Pendant que j’étais en France, j’ai dû poursuivre autant de mes influences que possible. Alors, j’étais certain d’acheter un livre d’histoires de Bob Morane, dont j’ai déjà tant entendu grâce à Indochine.

Mon plus cher rêve est de faire partie d’une foule comme celle-ci de leur film de concert, Putain de Stade (la musique commence à 4:10) :

La foule entière connaît toutes les paroles sur Bob Morane. Je n’ai jamais vu rien comme ça dans ma vie ! Mais bonne chance si vous voulez lire n’importe quel de ces livres ici. En tout cas, mon livre est le premier tome de l’intégrale de la bande-dessinée. Il commence avec une rédaction sur l’origine du personnage. Voilà, sa première aventure est aussi le début de la chanson. Égaré dans la vallée infernale…

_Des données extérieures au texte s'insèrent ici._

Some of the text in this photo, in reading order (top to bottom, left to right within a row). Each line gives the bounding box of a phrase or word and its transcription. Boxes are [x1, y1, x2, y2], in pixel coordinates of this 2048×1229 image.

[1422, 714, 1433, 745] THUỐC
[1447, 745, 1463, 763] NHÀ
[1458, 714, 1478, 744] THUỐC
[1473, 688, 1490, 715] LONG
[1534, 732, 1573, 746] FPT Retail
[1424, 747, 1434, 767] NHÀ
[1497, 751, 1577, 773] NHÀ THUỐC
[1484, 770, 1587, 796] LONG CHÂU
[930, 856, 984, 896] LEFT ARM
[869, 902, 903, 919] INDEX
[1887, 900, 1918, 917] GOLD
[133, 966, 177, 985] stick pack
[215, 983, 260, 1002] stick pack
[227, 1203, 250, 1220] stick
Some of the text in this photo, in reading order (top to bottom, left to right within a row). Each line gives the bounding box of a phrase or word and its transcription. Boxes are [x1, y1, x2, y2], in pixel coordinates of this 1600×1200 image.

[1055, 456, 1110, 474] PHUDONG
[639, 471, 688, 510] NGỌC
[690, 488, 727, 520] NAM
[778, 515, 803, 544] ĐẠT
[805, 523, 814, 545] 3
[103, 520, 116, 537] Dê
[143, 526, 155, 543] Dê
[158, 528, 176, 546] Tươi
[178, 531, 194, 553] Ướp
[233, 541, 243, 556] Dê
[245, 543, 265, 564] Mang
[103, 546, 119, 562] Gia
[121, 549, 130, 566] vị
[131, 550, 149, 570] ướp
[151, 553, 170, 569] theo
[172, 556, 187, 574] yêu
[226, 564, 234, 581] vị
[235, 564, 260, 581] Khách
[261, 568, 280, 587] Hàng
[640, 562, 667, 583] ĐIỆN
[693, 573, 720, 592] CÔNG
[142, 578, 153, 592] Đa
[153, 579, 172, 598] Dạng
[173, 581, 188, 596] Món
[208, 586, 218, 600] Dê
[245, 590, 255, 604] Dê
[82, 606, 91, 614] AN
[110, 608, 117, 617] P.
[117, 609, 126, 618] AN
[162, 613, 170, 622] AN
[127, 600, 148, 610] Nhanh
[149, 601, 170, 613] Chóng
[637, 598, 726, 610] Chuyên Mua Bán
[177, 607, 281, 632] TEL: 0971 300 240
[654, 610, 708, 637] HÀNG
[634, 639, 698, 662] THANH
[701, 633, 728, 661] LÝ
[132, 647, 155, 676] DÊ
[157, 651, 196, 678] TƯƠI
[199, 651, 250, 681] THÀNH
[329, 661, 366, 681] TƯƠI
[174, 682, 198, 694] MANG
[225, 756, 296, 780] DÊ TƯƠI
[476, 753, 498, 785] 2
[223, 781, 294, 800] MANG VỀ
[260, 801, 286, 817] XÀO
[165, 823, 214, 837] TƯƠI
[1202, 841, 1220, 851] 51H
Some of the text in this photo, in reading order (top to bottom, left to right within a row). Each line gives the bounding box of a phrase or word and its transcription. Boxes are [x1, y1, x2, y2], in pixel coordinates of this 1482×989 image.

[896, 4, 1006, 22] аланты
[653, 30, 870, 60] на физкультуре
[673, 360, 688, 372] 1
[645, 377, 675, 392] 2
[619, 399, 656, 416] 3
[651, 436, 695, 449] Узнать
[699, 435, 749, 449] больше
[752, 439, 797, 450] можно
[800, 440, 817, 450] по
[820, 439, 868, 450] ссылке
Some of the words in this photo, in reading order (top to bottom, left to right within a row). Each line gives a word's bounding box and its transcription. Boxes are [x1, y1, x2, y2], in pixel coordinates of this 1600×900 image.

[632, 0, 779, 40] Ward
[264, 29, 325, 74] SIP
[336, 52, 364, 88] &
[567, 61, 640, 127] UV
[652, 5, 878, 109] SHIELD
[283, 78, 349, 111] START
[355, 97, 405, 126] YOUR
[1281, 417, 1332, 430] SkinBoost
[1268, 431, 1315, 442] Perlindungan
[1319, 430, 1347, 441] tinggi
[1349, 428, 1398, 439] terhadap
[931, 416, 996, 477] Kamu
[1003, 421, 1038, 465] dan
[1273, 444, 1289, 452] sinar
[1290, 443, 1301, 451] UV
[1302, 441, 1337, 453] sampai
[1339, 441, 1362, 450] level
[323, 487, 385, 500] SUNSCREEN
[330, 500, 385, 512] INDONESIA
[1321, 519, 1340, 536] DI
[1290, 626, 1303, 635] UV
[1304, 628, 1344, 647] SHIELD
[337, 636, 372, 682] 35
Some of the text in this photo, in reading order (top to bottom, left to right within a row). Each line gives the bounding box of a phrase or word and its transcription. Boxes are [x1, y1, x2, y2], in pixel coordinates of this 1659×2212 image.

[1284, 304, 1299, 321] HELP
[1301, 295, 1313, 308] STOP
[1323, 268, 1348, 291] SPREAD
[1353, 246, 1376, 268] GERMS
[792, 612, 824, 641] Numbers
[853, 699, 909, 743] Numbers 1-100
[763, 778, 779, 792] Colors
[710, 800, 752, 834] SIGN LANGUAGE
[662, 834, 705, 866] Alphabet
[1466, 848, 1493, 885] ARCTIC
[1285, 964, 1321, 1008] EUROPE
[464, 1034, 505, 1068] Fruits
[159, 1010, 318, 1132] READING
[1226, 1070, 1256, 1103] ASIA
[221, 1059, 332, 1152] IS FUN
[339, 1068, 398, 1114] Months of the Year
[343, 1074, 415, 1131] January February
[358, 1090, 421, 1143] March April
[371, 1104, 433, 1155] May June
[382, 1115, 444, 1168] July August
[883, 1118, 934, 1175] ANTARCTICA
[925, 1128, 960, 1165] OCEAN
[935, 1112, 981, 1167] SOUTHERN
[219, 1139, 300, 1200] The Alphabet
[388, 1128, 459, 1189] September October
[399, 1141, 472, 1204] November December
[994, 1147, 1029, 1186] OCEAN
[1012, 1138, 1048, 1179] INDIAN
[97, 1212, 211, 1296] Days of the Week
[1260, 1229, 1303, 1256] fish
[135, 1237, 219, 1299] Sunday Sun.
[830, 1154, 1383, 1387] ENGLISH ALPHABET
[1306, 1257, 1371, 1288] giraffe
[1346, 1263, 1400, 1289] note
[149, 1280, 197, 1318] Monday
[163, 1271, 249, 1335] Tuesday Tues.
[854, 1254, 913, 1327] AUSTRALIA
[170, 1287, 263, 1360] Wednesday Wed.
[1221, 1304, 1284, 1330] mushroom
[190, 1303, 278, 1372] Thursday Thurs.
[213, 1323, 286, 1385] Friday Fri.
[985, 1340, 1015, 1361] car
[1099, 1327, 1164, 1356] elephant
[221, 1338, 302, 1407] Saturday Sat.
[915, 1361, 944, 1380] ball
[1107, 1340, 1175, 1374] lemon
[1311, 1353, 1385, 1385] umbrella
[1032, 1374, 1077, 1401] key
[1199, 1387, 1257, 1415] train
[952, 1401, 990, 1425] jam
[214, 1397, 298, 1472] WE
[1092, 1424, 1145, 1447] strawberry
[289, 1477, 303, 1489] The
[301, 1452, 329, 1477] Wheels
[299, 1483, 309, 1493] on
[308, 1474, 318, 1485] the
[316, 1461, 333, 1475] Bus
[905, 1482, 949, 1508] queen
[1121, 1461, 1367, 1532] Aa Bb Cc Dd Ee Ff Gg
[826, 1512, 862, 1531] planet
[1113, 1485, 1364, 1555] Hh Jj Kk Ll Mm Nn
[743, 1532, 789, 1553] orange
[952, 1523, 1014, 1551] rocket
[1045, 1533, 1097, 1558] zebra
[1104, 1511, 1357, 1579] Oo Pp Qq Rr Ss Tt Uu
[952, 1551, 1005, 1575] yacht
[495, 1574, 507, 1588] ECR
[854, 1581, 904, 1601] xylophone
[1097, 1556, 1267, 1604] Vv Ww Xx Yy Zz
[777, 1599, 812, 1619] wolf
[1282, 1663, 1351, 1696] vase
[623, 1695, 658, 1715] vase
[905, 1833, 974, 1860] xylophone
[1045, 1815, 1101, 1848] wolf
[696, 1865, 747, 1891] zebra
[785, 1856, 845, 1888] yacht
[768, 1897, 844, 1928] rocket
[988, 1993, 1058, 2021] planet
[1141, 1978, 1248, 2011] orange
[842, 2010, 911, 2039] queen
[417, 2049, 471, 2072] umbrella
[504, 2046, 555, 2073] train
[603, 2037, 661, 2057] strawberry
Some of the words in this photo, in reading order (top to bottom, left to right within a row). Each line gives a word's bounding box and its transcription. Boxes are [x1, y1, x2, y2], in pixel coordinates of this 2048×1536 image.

On apprend du livre d’où vient son nom. J’avoue que ça m’a confus parce que le seul aventurier français que je connaissais s’appelait aussi Bob — le mercenaire Bob Denard. Il s’avère qu’ils n’ont rien en commun sauf leur surnom. Selon le livre :

Il [Henri Vernes, l’auteur] le baptise Robert Ujac, avant de changer d’avis. Il trouve que « Morane » sonnera mieux. De plus, ce nom symbolise parfaitement le courage du héros : c’est ainsi que l’on appelle en Afrique le guerrier Masaï qui a tué son premier lion. Enfin, la mode étant aux prénoms anglo-saxons, Robert devient « Bob ».

Rédaction de Jacques Pessis

Il y a aussi un nom de famille irlandais, Moran, et je pensais qu’il était possible que le personnage soit irlandais. Après tout, son ami Bill porte un nom bien écossais, Ballantine.

Il n’y a que trois histoires dans ce livre, et malgré être le premier tome, La vallée infernale n’apparaît pas. Je suppose que la bande-dessinée ne suit pas le même ordre que les livres originaux. Les méchants qui apparaissent dans la chanson n’y sont pas non plus, l’Ombre Jaune et Miss Ylang-Ylang. C’est pas clair s’il existe un méchant appelé « Kali Jones » dans les livres, mais il y a une histoire, La marque de Kali.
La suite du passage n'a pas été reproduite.